PROBLEM TO SOLVE:
Make an exact copy of the entries below and leave any picture out of it.

DATA IN THIS EXERCISE:
=== Section Start ===
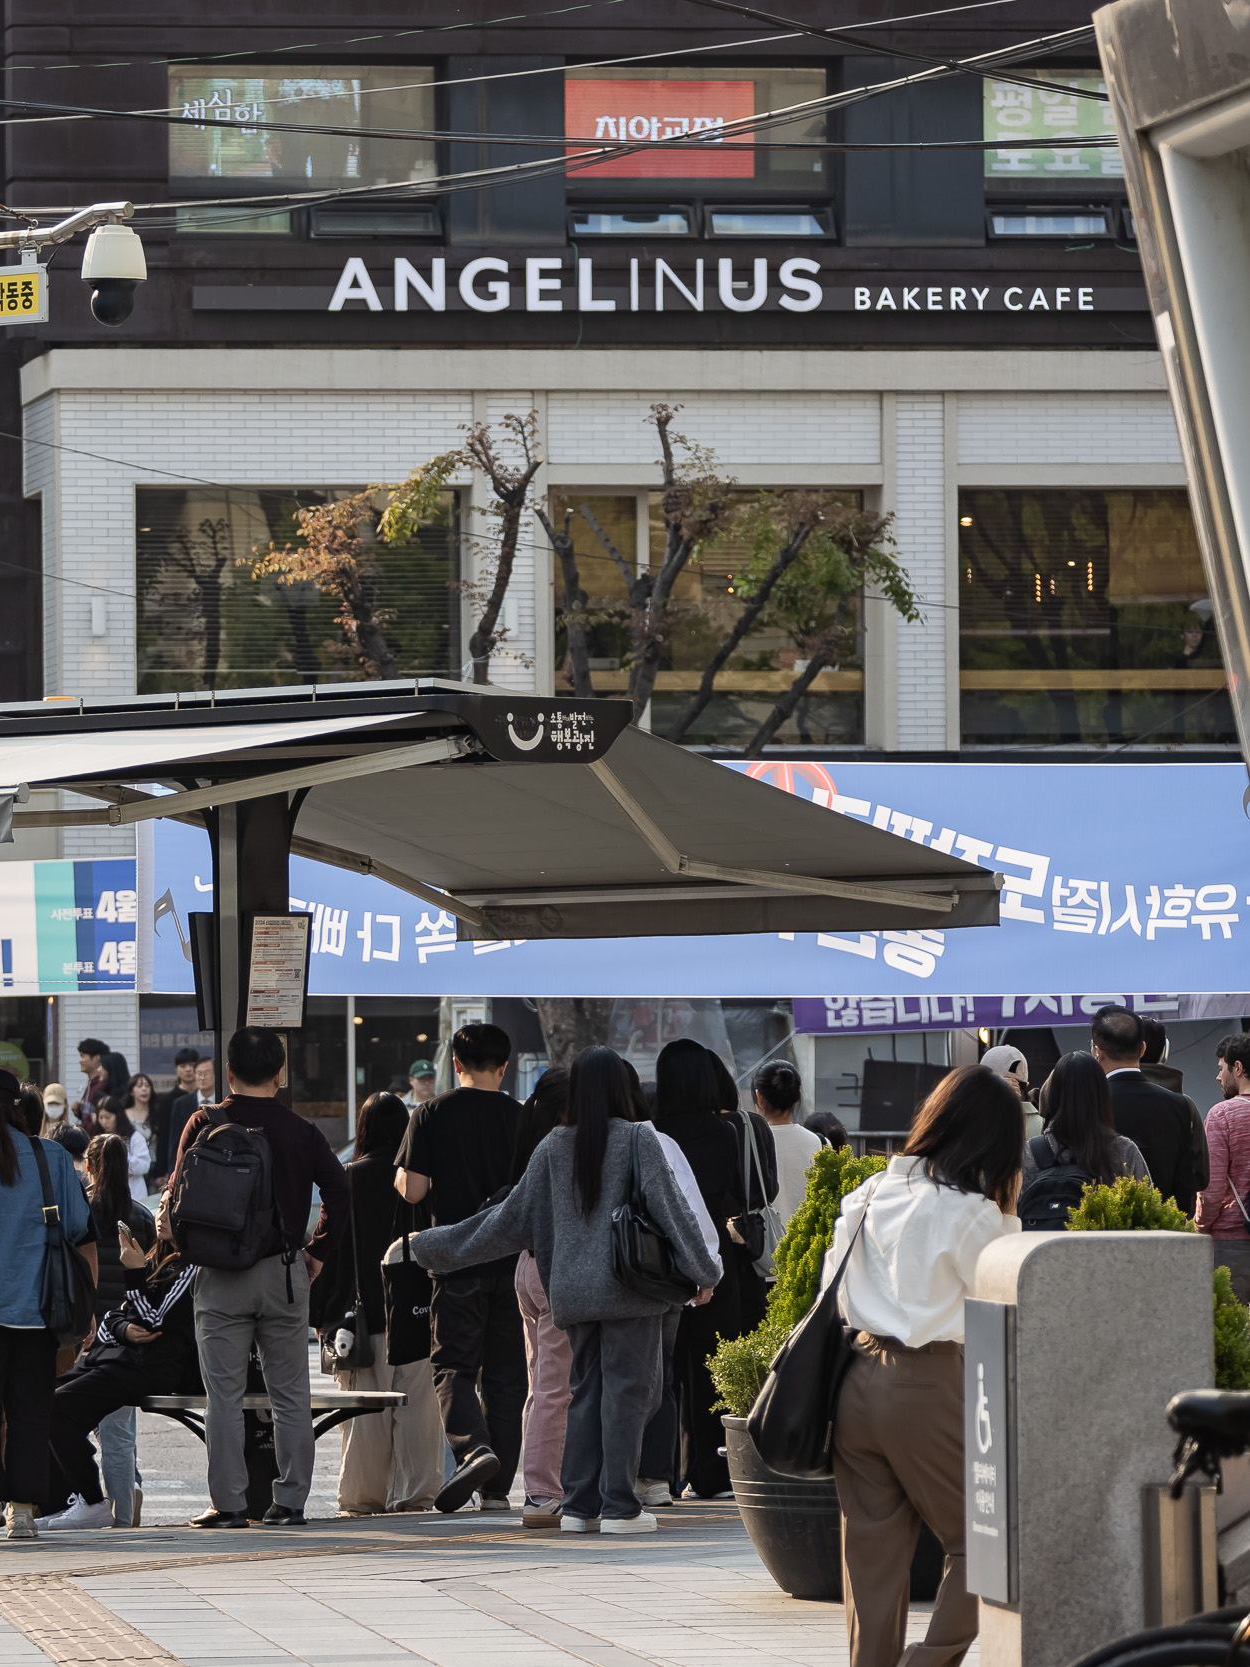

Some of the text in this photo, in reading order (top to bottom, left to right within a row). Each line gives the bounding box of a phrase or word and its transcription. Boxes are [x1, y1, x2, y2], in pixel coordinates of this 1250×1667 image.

[329, 257, 1094, 312] ANGELINUS BAKERY CAFE
[550, 727, 595, 751] 행복광진
[50, 906, 95, 921] 사전투표
[62, 961, 96, 976] 본투표
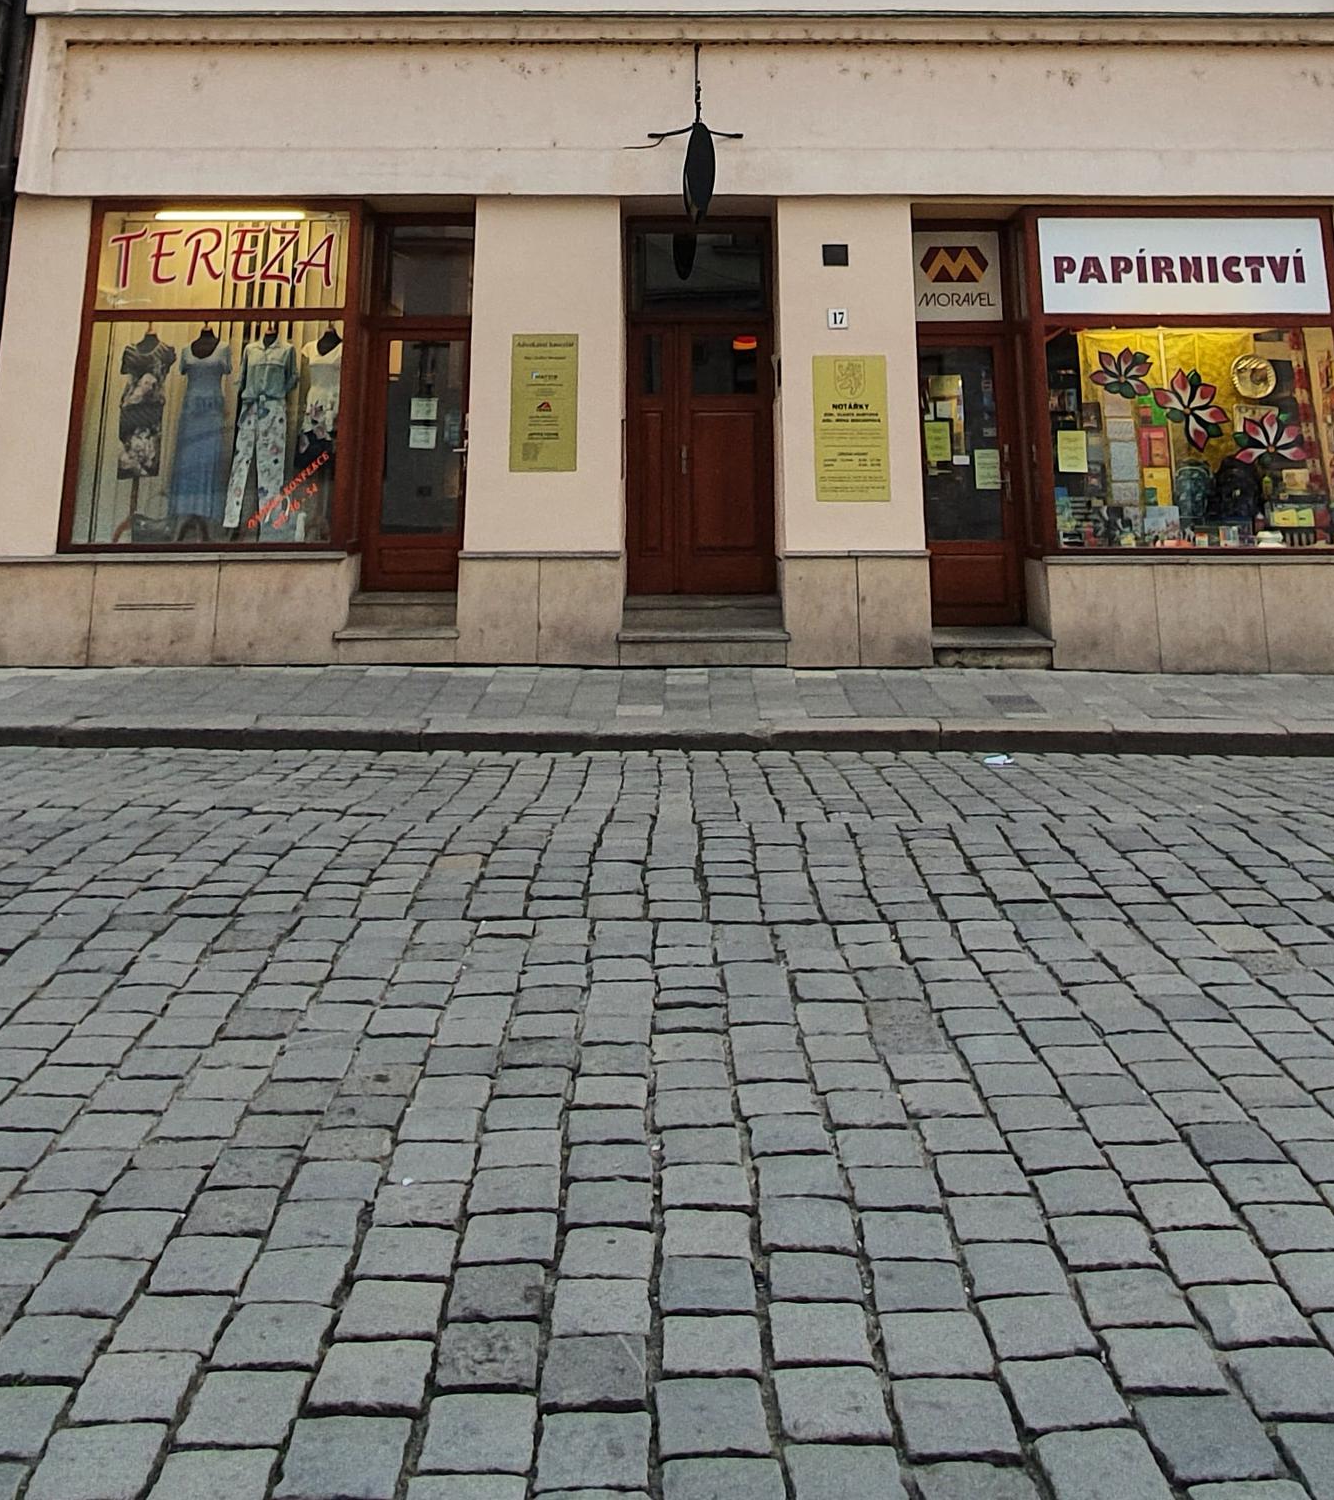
=== Section End ===
COMPLETED EXERCISE:
Some of the text in this photo, in reading order (top to bottom, left to right within a row). Each line gives the bounding box of a phrase or word and its transcription. Boxes are [x1, y1, x2, y2], in pixel coordinates of this 1250×1667 image.

[329, 257, 1094, 312] ANGELINUS BAKERY CAFE
[550, 727, 595, 751] 행복광진
[50, 906, 95, 921] 사전투표
[62, 961, 96, 976] 본투표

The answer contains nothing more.